Task item
From the first entry to the last, repeat them all exactly.

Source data
○ ○ ○ ○ ○

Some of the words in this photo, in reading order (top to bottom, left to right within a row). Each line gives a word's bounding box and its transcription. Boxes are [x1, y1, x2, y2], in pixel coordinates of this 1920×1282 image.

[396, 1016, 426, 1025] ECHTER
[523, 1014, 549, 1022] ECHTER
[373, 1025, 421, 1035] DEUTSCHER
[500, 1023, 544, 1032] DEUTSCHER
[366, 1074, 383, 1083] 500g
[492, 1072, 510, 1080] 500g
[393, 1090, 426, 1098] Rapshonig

○ ○ ○ ○ ○

Finished exercise
Some of the words in this photo, in reading order (top to bottom, left to right within a row). Each line gives a word's bounding box and its transcription. Boxes are [x1, y1, x2, y2], in pixel coordinates of this 1920×1282 image.

[396, 1016, 426, 1025] ECHTER
[523, 1014, 549, 1022] ECHTER
[373, 1025, 421, 1035] DEUTSCHER
[500, 1023, 544, 1032] DEUTSCHER
[366, 1074, 383, 1083] 500g
[492, 1072, 510, 1080] 500g
[393, 1090, 426, 1098] Rapshonig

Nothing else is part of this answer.